Single by Andrea Bocelli, David Guetta, Ejae and Megan Thee Stallion

from the album Official FIFA World Cup 2026 Album (Opening Ceremony Edition)
- Language: English; Italian; Korean;
- Released: 10 June 2026
- Genre: EDM; pop rap; hip-house;
- Length: 2:56
- Label: Universal; What a DJ; FIFA Sound;
- Songwriters: Andrea Bocelli; David Guetta; Kim Eun-jae; Megan Thee Stallion; Giovanni Damiani; Giorgio Tuinfort; Felix Hain; Lucas Hain; Bobby Session Jr.; Ashley Milton; Daniel Goudie; Francesco Pasquero; Norma Jean Martine;
- Producers: Guetta; Timofey Reznikov; Damiani; Conor Ross; Fast Boy; Tuinfort;

David Guetta singles chronology
| "Run Run River (Angels Above Me)" (2026) | "DNA (More Than a Game)" (2026) | "Human" (2026) |

Andrea Bocelli singles chronology
| "Rimani Qui" (2024) | "DNA (More Than a Game)" (2026) |  |

Ejae singles chronology
| "Time After Time" (2026) | "DNA (More Than a Game)" (2026) | "Made My Night" (2026) |

Megan Thee Stallion singles chronology
| "Motion Party" (Remix) (2026) | "DNA (More Than a Game)" (2026) | "Pink Blush" (Remix) (2026) |

2026 FIFA World Cup singles chronology
| "Siir Siir" (2026) | "DNA (More Than a Game)" (2026) |  |

Music video
- "DNA (More Than a Game)" on YouTube

= DNA (More Than a Game) =

"DNA (More Than a Game)" is a song by Italian tenor Andrea Bocelli, French DJ and record producer David Guetta, South Korean and American singer-songwriter Ejae and American rapper Megan Thee Stallion. An EDM, power pop and hip hop song with arena rock elements, it was released on 10 June 2026 as the official anthem of the 2026 FIFA World Cup, and is included in the Official FIFA World Cup 2026 Album (Opening Ceremony Edition).

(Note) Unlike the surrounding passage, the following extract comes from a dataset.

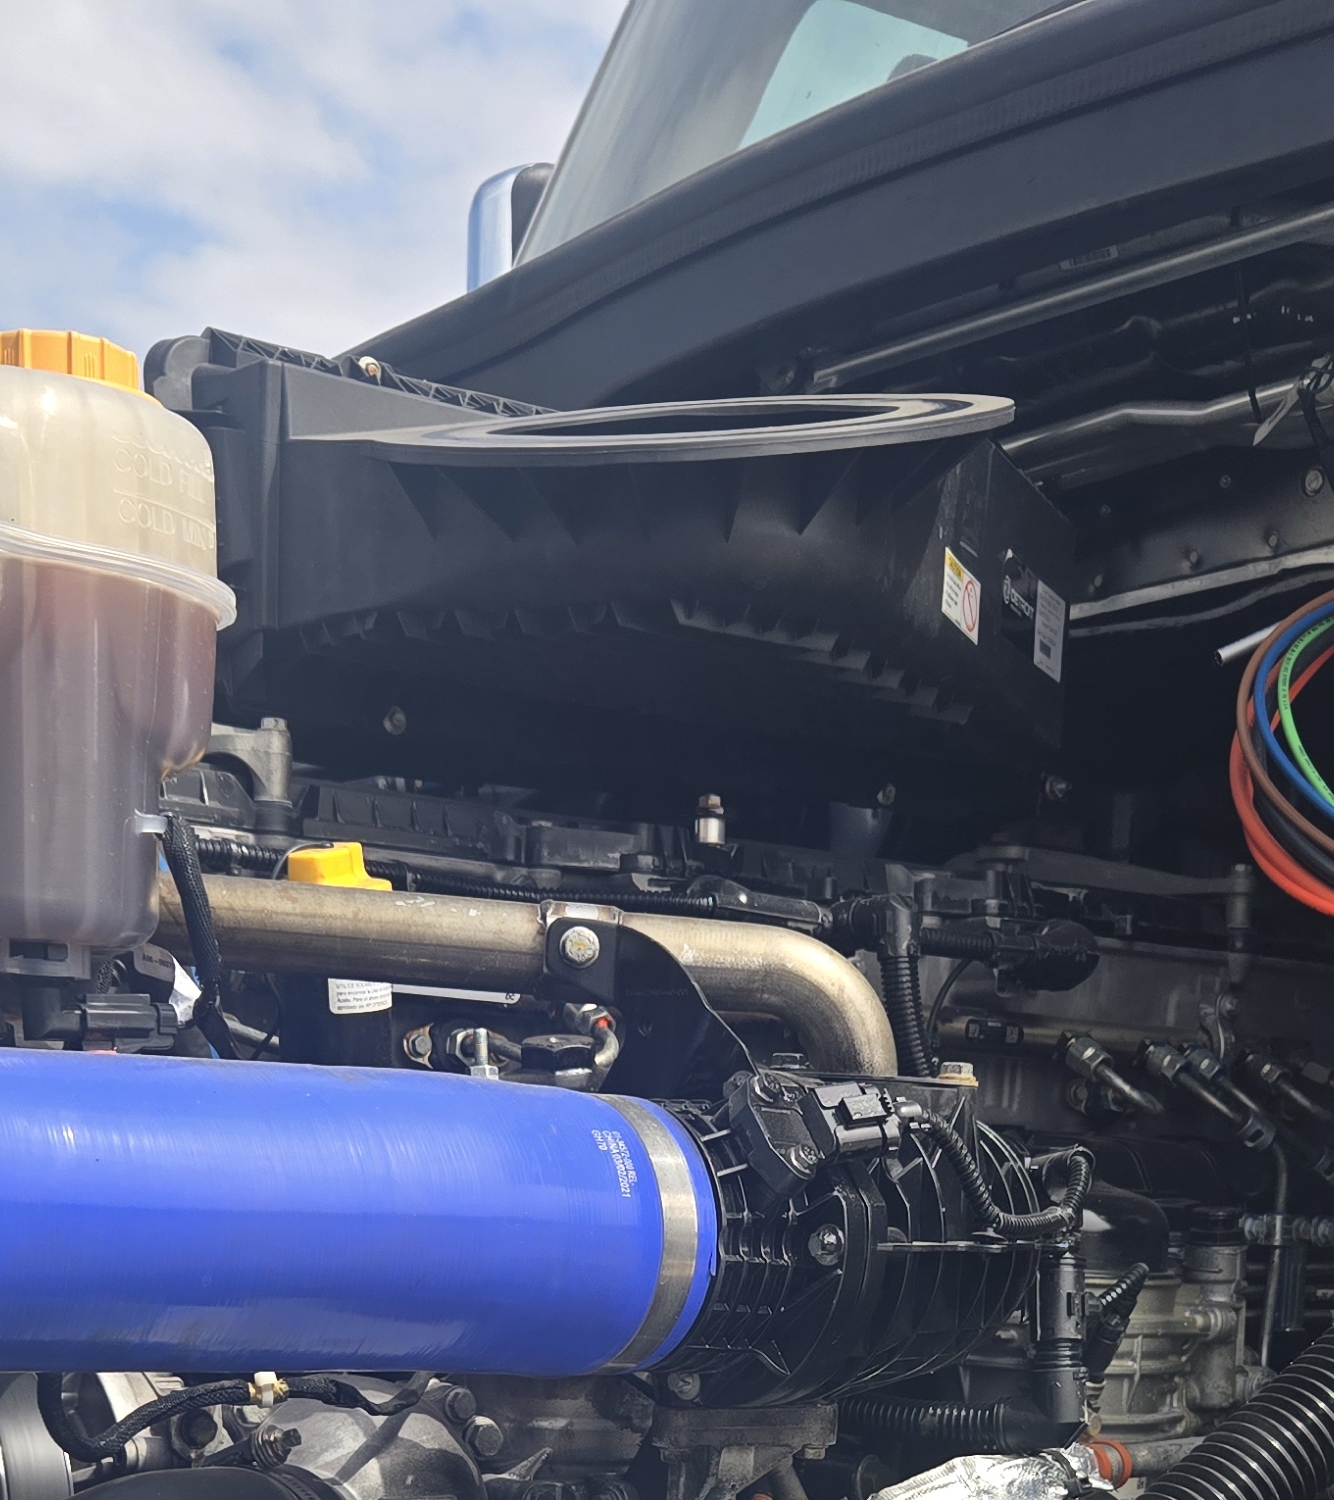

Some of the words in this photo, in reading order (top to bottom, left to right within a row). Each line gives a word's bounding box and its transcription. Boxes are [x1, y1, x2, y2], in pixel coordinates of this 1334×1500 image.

[114, 447, 173, 487] COLD
[118, 497, 176, 535] COLD
[1010, 587, 1035, 620] DETROIT

== Background and release ==
The song was released on 10 June 2026 as the anthem for the 2026 FIFA World Cup, the day prior to the start of the tournament, which took place from 11 June to 19 July 2026. The song featured French DJ and record producer David Guetta, Italian tenor Andrea Bocelli, South Korean-American singer Ejae and American rapper Megan Thee Stallion. The song featured English, Korean and Italian languages.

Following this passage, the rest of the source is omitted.